■ Work to be completed
Retype every entry precisely and keep each line whole.

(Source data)
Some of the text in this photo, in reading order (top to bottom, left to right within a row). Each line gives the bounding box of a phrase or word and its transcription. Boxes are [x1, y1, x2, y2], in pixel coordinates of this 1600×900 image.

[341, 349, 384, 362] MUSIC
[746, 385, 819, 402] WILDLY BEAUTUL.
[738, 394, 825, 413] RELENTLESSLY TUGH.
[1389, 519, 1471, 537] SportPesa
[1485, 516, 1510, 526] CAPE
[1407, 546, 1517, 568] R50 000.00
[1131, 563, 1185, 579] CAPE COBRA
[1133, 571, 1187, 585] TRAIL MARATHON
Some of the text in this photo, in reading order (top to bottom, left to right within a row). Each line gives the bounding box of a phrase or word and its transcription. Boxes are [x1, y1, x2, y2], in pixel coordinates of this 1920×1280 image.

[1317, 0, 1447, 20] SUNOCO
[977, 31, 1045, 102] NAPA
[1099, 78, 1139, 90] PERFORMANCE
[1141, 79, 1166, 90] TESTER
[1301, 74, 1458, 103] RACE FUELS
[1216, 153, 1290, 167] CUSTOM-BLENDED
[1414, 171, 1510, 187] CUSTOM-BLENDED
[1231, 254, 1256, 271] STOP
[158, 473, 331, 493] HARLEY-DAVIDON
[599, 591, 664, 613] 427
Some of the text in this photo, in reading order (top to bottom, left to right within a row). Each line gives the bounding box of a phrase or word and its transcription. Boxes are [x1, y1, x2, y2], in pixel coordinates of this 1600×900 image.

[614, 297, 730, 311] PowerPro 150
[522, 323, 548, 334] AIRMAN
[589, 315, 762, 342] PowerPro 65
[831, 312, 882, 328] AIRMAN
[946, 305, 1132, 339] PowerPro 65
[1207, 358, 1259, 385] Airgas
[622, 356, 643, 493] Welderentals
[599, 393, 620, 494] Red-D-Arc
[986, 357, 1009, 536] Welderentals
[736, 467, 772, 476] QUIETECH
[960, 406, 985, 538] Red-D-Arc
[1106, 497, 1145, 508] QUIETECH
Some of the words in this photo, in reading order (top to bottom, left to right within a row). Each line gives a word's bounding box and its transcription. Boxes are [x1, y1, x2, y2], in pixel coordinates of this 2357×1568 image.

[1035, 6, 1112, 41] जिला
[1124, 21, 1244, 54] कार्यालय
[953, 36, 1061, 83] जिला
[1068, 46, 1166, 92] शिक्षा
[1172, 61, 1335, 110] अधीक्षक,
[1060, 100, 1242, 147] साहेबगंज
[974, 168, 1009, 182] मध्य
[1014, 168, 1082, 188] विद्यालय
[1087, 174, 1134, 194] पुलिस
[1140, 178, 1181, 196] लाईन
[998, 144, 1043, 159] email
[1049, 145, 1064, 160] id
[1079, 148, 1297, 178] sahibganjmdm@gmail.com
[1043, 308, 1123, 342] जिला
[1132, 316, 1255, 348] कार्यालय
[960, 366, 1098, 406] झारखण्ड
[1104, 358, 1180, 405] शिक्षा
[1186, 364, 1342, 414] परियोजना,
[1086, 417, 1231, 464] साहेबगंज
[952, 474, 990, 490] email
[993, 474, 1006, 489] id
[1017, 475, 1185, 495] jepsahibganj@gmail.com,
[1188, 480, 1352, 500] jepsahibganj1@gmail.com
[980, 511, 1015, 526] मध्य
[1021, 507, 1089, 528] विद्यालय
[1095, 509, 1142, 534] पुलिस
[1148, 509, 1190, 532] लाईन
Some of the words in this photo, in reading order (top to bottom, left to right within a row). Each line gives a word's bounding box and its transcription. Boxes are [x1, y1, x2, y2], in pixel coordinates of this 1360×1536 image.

■ Result for this task
Some of the text in this photo, in reading order (top to bottom, left to right within a row). Each line gives the bounding box of a phrase or word and its transcription. Boxes are [x1, y1, x2, y2], in pixel coordinates of this 1600×900 image.

[341, 349, 384, 362] MUSIC
[746, 385, 819, 402] WILDLY BEAUTUL.
[738, 394, 825, 413] RELENTLESSLY TUGH.
[1389, 519, 1471, 537] SportPesa
[1485, 516, 1510, 526] CAPE
[1407, 546, 1517, 568] R50 000.00
[1131, 563, 1185, 579] CAPE COBRA
[1133, 571, 1187, 585] TRAIL MARATHON
Some of the text in this photo, in reading order (top to bottom, left to right within a row). Each line gives the bounding box of a phrase or word and its transcription. Boxes are [x1, y1, x2, y2], in pixel coordinates of this 1920×1280 image.

[1317, 0, 1447, 20] SUNOCO
[977, 31, 1045, 102] NAPA
[1099, 78, 1139, 90] PERFORMANCE
[1141, 79, 1166, 90] TESTER
[1301, 74, 1458, 103] RACE FUELS
[1216, 153, 1290, 167] CUSTOM-BLENDED
[1414, 171, 1510, 187] CUSTOM-BLENDED
[1231, 254, 1256, 271] STOP
[158, 473, 331, 493] HARLEY-DAVIDON
[599, 591, 664, 613] 427
Some of the text in this photo, in reading order (top to bottom, left to right within a row). Each line gives the bounding box of a phrase or word and its transcription. Boxes are [x1, y1, x2, y2], in pixel coordinates of this 1600×900 image.

[614, 297, 730, 311] PowerPro 150
[522, 323, 548, 334] AIRMAN
[589, 315, 762, 342] PowerPro 65
[831, 312, 882, 328] AIRMAN
[946, 305, 1132, 339] PowerPro 65
[1207, 358, 1259, 385] Airgas
[622, 356, 643, 493] Welderentals
[599, 393, 620, 494] Red-D-Arc
[986, 357, 1009, 536] Welderentals
[736, 467, 772, 476] QUIETECH
[960, 406, 985, 538] Red-D-Arc
[1106, 497, 1145, 508] QUIETECH
Some of the words in this photo, in reading order (top to bottom, left to right within a row). Each line gives a word's bounding box and its transcription. Boxes are [x1, y1, x2, y2], in pixel coordinates of this 2357×1568 image.

[1035, 6, 1112, 41] जिला
[1124, 21, 1244, 54] कार्यालय
[953, 36, 1061, 83] जिला
[1068, 46, 1166, 92] शिक्षा
[1172, 61, 1335, 110] अधीक्षक,
[1060, 100, 1242, 147] साहेबगंज
[974, 168, 1009, 182] मध्य
[1014, 168, 1082, 188] विद्यालय
[1087, 174, 1134, 194] पुलिस
[1140, 178, 1181, 196] लाईन
[998, 144, 1043, 159] email
[1049, 145, 1064, 160] id
[1079, 148, 1297, 178] sahibganjmdm@gmail.com
[1043, 308, 1123, 342] जिला
[1132, 316, 1255, 348] कार्यालय
[960, 366, 1098, 406] झारखण्ड
[1104, 358, 1180, 405] शिक्षा
[1186, 364, 1342, 414] परियोजना,
[1086, 417, 1231, 464] साहेबगंज
[952, 474, 990, 490] email
[993, 474, 1006, 489] id
[1017, 475, 1185, 495] jepsahibganj@gmail.com,
[1188, 480, 1352, 500] jepsahibganj1@gmail.com
[980, 511, 1015, 526] मध्य
[1021, 507, 1089, 528] विद्यालय
[1095, 509, 1142, 534] पुलिस
[1148, 509, 1190, 532] लाईन
Some of the words in this photo, in reading order (top to bottom, left to right within a row). Each line gives a word's bounding box and its transcription. Boxes are [x1, y1, x2, y2], in pixel coordinates of this 1360×1536 image.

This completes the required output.